My hand gripped the release, and I knew I was squeezing. I couldn’t stop. My hand was frozen to the lever like the grip of a dead man. The muscles were hard, sealed. I could feel pain in the rigidly held joints. But I couldn’t relax the grip.
I was dreaming in flashes. Fully awake, but subject to ideas flitting through my mind as visual images. I dreamed that the lever jammed. I dreamed that my whole body was tight-frozen and that the count reached zero without my having pulled the release. I dreamed that the raft hit and exploded while the count was still descending, and I dreamed that my body was ripped apart in the crash, fragmenting in perfect time with the descent of the last few seconds.
All the dreams fitted into the interstices between the numbers that rolled so deadly off Charlot’s distant tongue. I could imagine him sitting rock-steady at his desk, eyes glued to the simulator, his mind chasing the calculations damn near as fast as the computer, his voice mesmerized by his commitment to and involvement with the programmed flight-path of the raft. We were the same, both frozen, both living through the numbers. The only difference was that he was living the simulation, and we knew that would be successful. Computers don’t argue. Satisfaction guaranteed. I was living the real thing, with a real life hanging on a theoretical error. I could die, while he was still counting out the measure of his computed success.
He couldn’t lose.
“Twenty,” he was saying, “nineteen....”
I needed a shot. I was dreaming I needed a shot. What I really needed was not to be so all alone. I needed to know that the shot was waiting just around the corner, that the shot was attached to a hand, that the hand was attached to Eve. I needed to know that the numbers were coming from a human voice and not from a machine. I needed to know that there was something else in the universe beside me—beside me.

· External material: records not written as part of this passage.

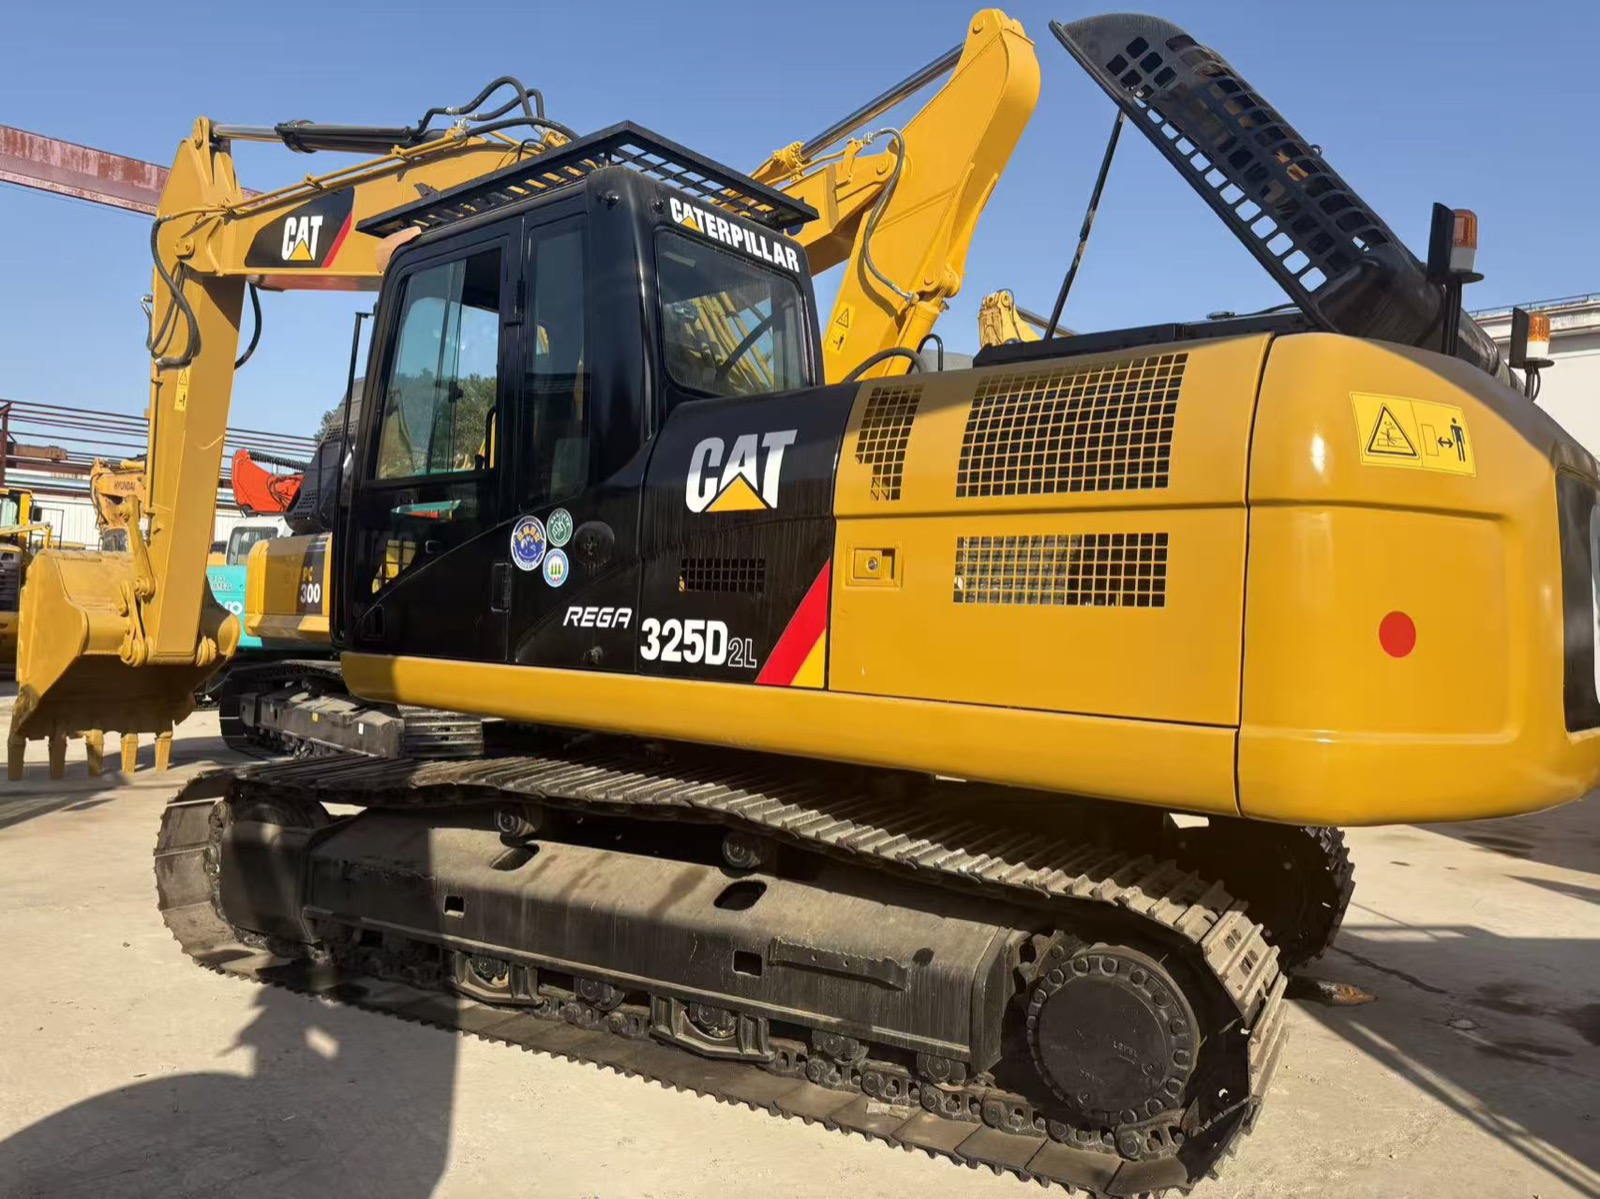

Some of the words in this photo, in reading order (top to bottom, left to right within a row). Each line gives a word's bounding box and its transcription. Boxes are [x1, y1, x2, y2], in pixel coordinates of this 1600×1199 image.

[281, 214, 324, 261] CAT
[669, 197, 801, 274] CATERPILLAR
[113, 480, 136, 491] HYUNDAI
[685, 429, 798, 513] CAT
[300, 583, 321, 604] 300
[563, 606, 633, 629] REGA
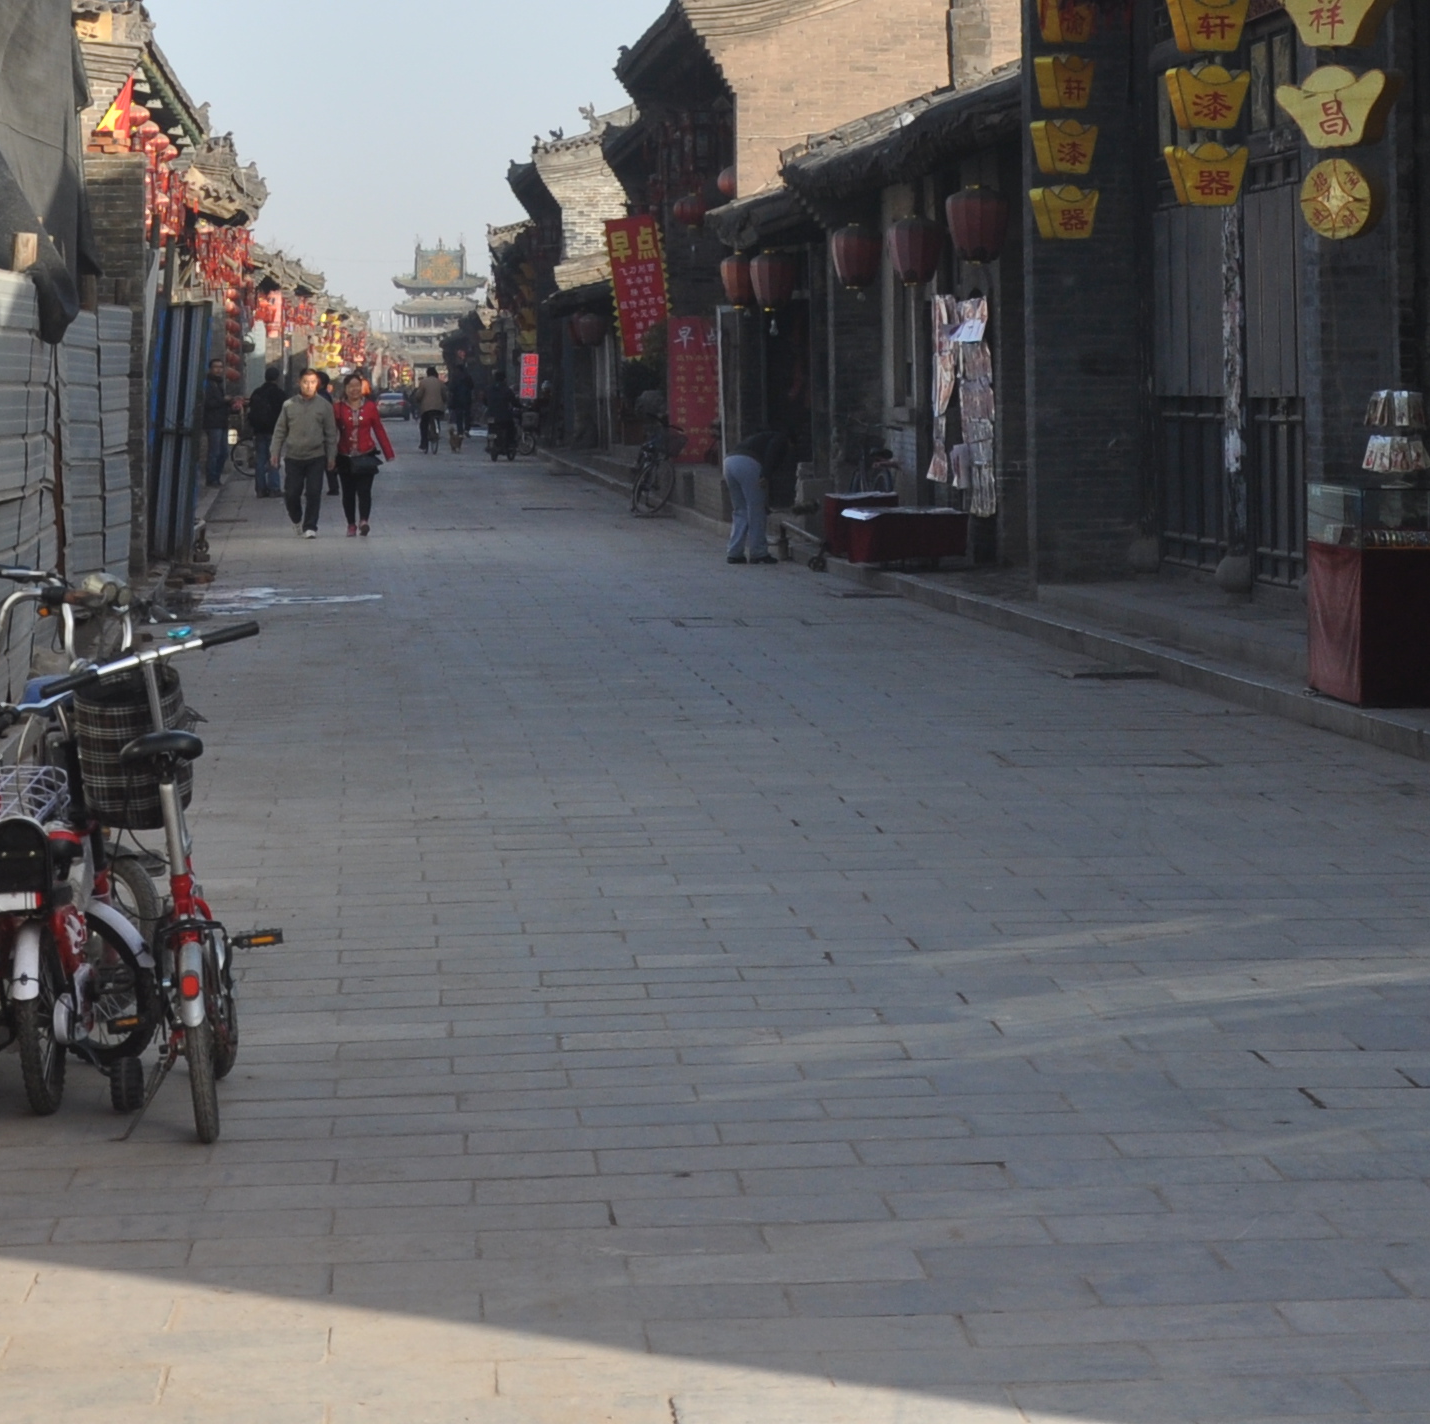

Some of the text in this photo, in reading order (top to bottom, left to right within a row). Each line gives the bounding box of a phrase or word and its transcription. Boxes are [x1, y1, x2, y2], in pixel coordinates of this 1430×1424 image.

[1056, 10, 1089, 233] 谕轩漆器
[610, 226, 658, 263] 早点
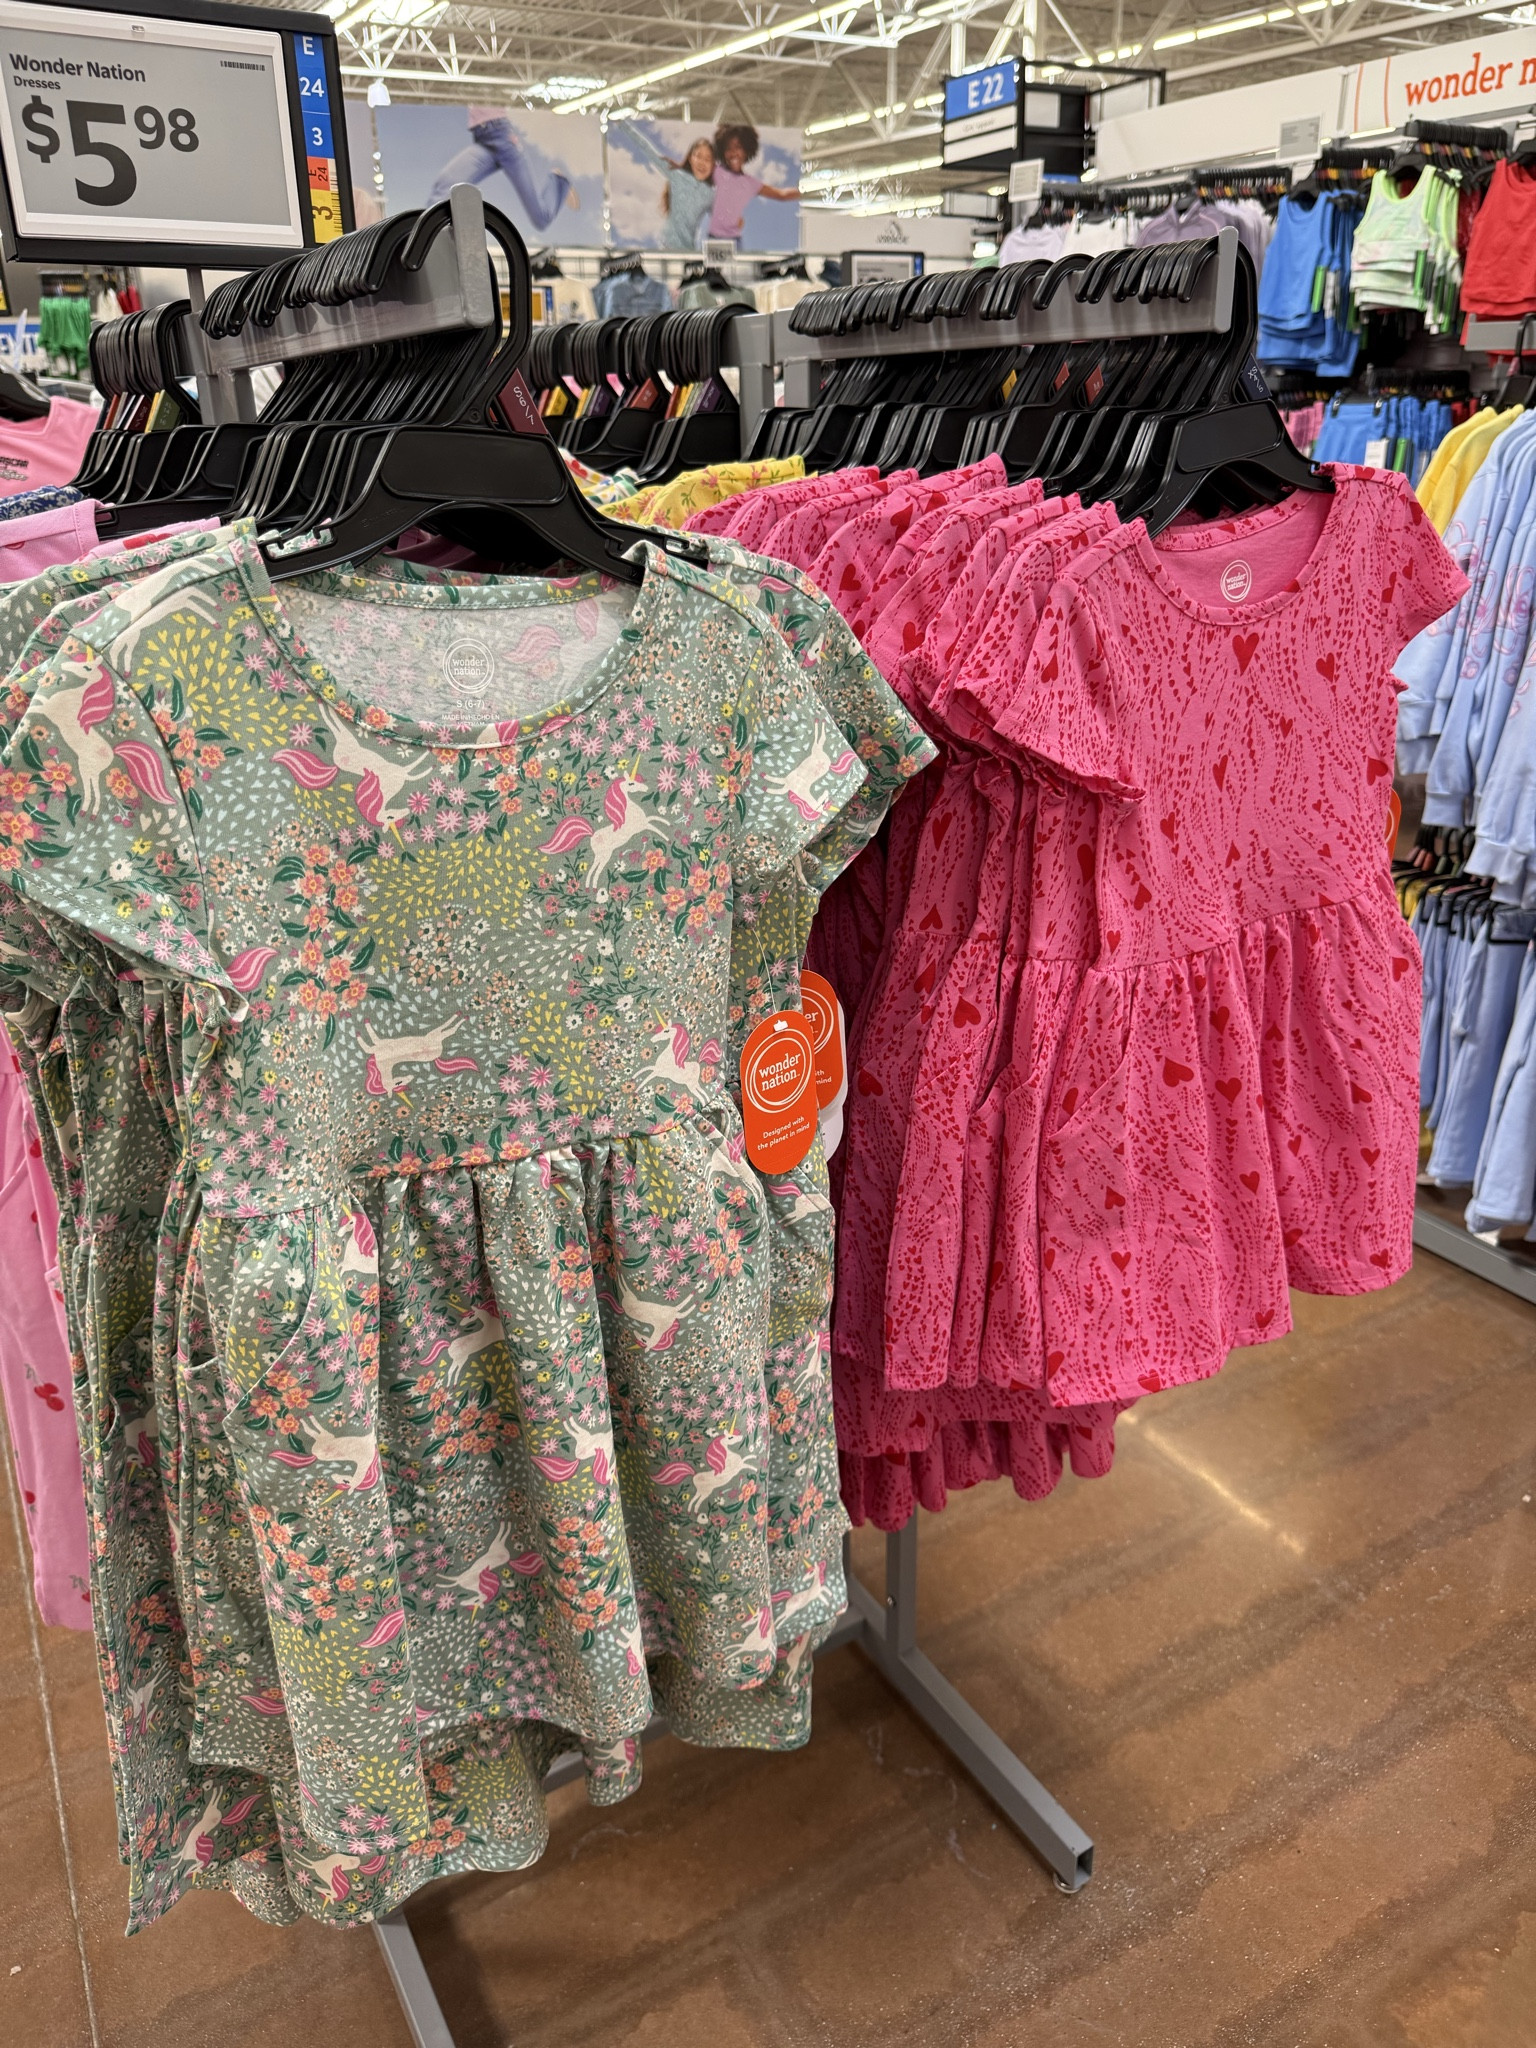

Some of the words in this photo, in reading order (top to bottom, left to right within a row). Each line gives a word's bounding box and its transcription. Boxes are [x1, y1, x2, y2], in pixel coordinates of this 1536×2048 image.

Alongside.
The wind didn’t say a word, but he let me feel him. How? I don’t know. He shuffled his feet or cracked his knuckles—something impossible, quite intangible. But enough.
Titus reached twelve, and he coughed. It was a good cough—a beautifully controlled cough. It knocked the first “e” off “eleven,” and joined the count with unhurried enthusiasm. I was grateful for that cough. I was grateful for Charlot’s age and poverty of health. I was grateful that my remote control wasn’t as remote as it might have been.
“Ten,” said Titus.
The sound of the deep, deep storm was fading in my ears. It should have been growing—the wind howling faster and harder, the lightning caging me, the hail raining down on me. But it was fading. All sound was fading. I was retreating from my senses. But Titus was still coming through. Not loud, not even clear, but measured. Tick, tick, tick....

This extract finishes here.